Baloise Session: ‘The Most Beautiful Thing’

The Baloise Session in Basel, Switzerland, has been going for 32 years, 24 of which took place with Beatrice Stirnimann on board. Pollstar asked her about the festival’s past, present and future. 

Beatrice Stirnimann
– Beatrice Stirnimann

Stirnimann started out as a volunteer, helping out with ticket checks, seat allocation and more. An avid music lover, she describes becoming a part of the business through her volunteer work as “the most beautiful thing life had in store for me.”

Three years later, Stirnimann was offered a paid job at the festival. She was studying marketing and business economics at the time, which turned out to be quite useful after taking on more and more of the Session’s day-to-day operation.
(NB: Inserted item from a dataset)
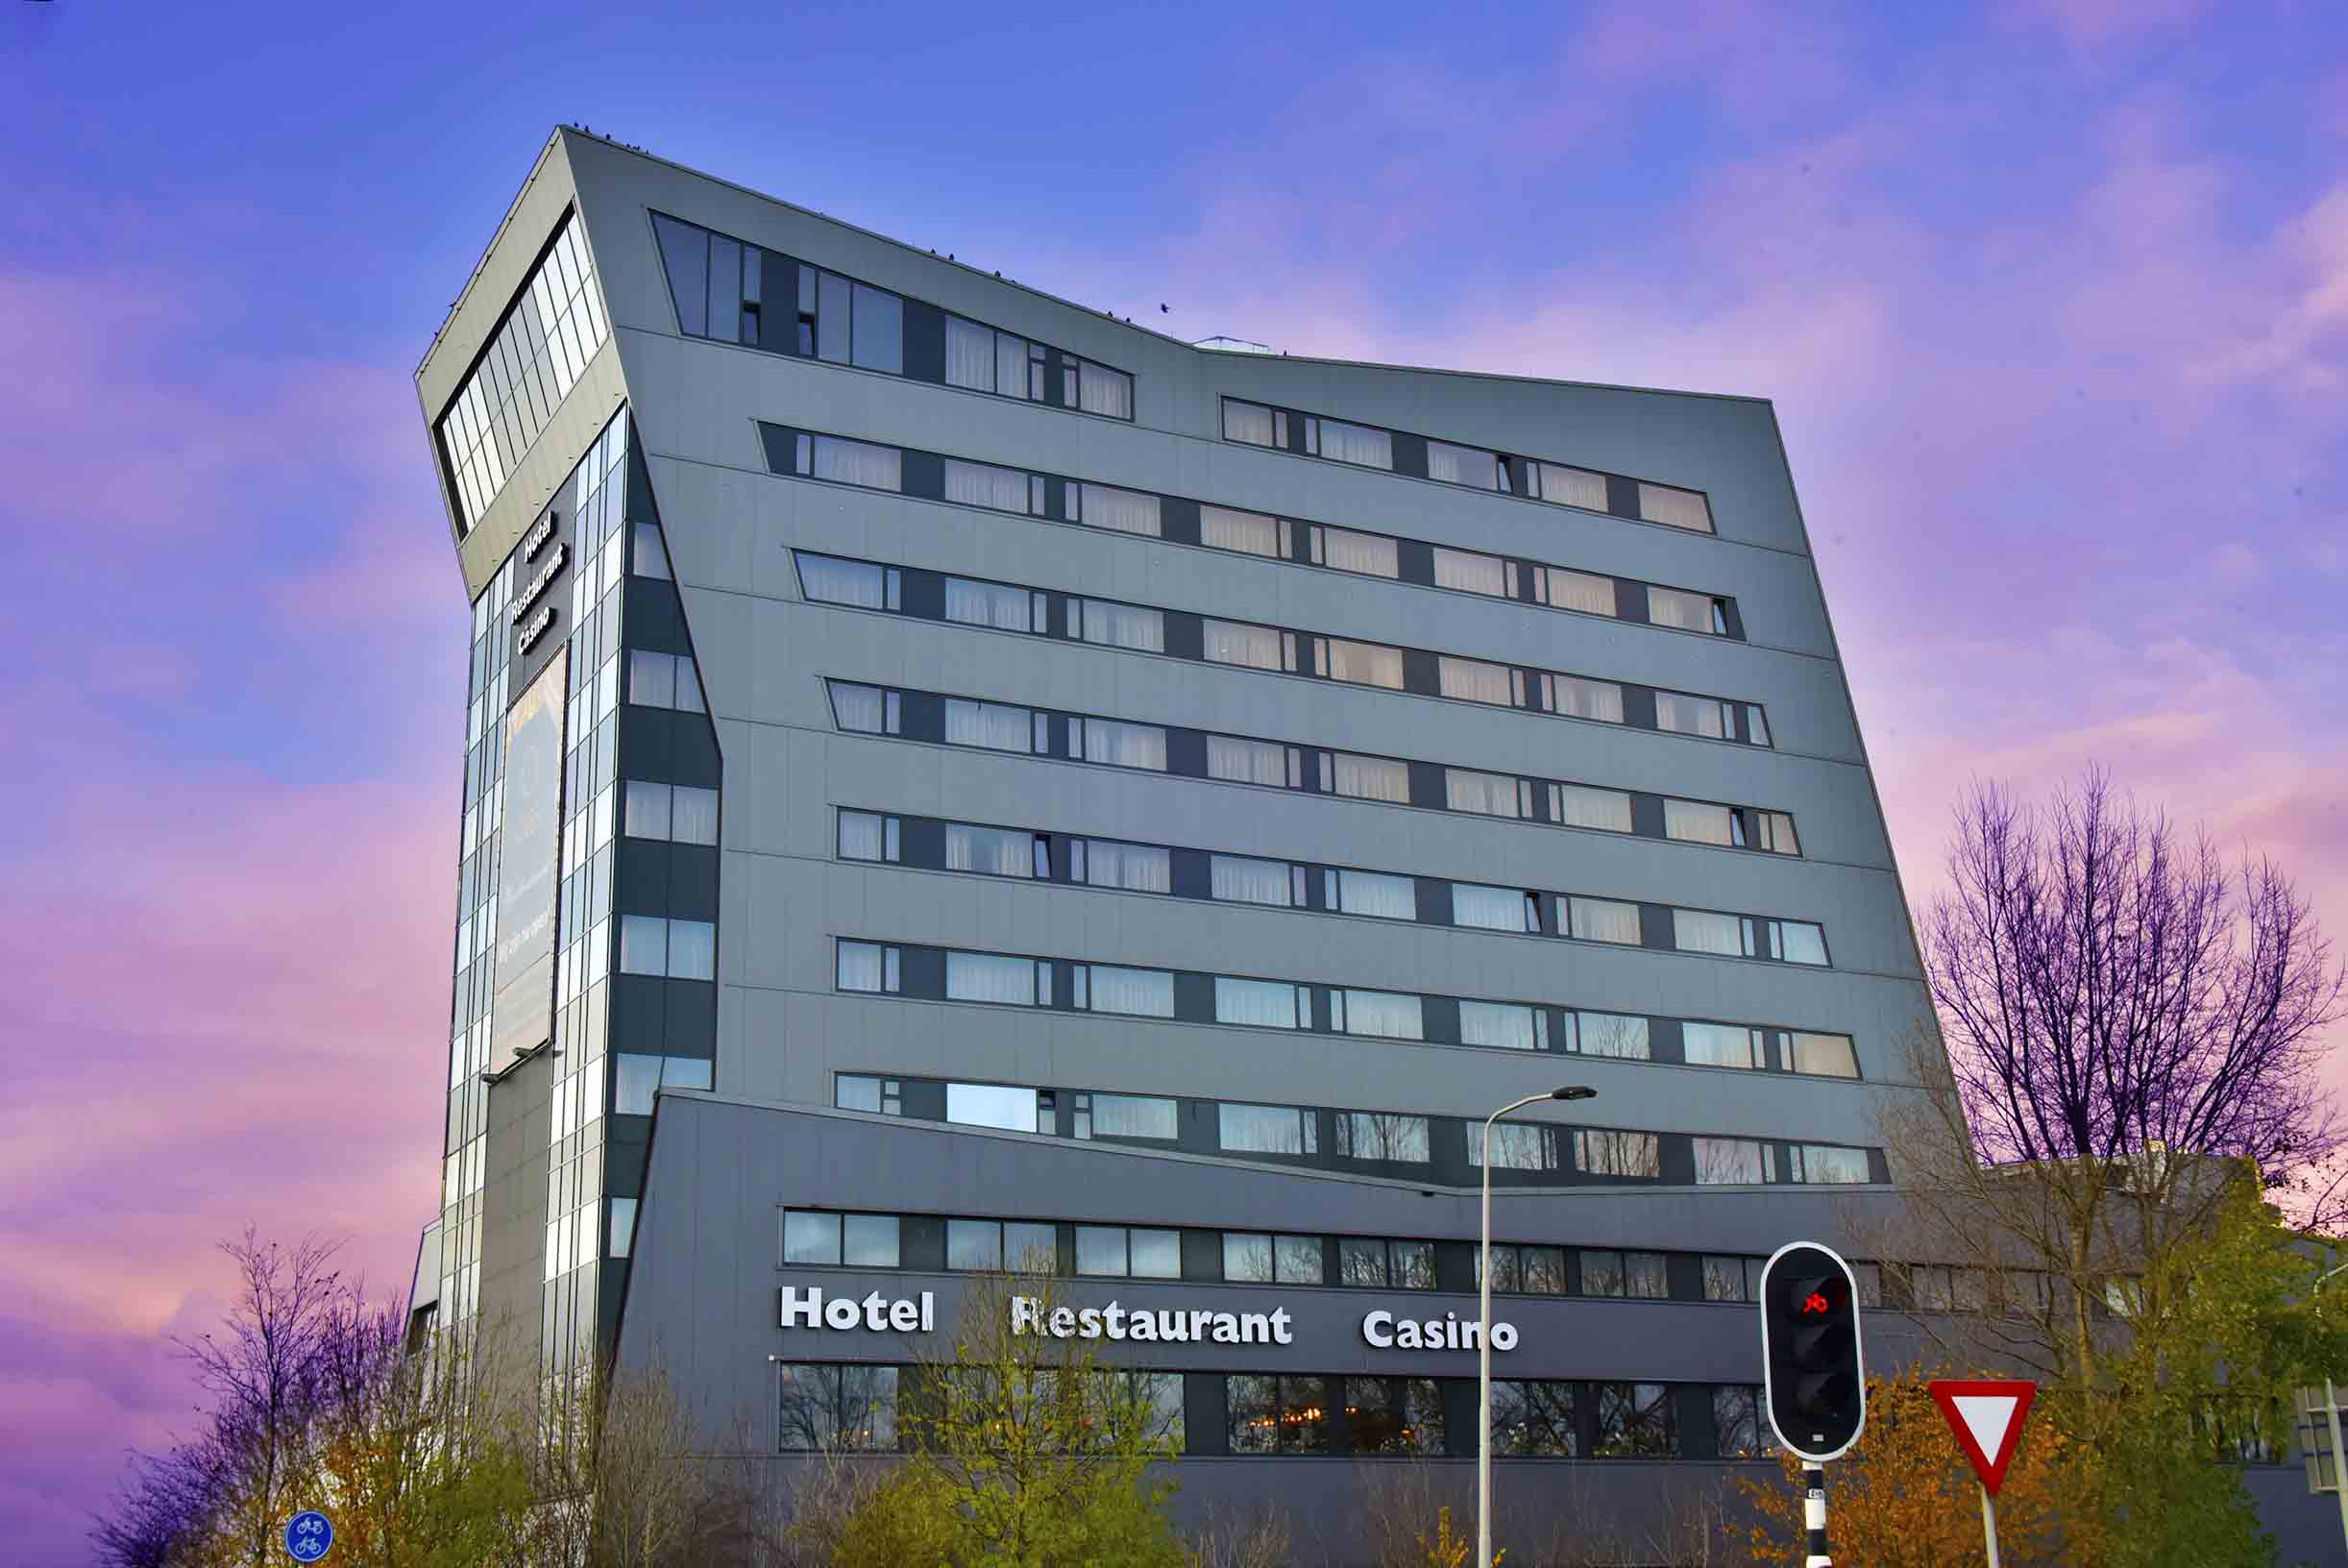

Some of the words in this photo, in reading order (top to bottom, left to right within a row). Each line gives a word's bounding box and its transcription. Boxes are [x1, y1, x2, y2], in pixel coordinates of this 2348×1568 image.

Back then, the event was called the Rheinknie Session, after the river Rhine, which runs in an arc through the heart of Basel.

“You couldn’t expect anyone, especially not the artists, to pronounce Rheinknie. Luckily we found a presenting sponsor in 1998 [Oettinger Davidoff with the brand named after the musician Avo Uvezian], who wanted to turn the festival into an international event,” Stirnimann said.

While the booking of Miles Davis in 1988 had already sparked some international headlines, it took another decade to make the event known outside of Switzerland. This was mainly achieved by booking artists from genres outside jazz, blues and gospel, for which the festival had developed a reputation.

In 2000, James Brown caused the quickest sellout to date for the rebranded Avo Session. The superstar brought a wealth of new partners and sponsors on board and led to international TV coverage, all of which helped gradually grow the event and allow its organizers to keep on booking a stellar line-up.

Over the years, the festival amassed an impressive archive of concert footage, including Chris Cornell’s “magical” solo show in 2013, Pink in 2006, who took a detour from her arena tour to play the 1,500-capacity event, Dave Gahan solo in 2003, Ray Charles in 2000 and Nina Simone in 1998.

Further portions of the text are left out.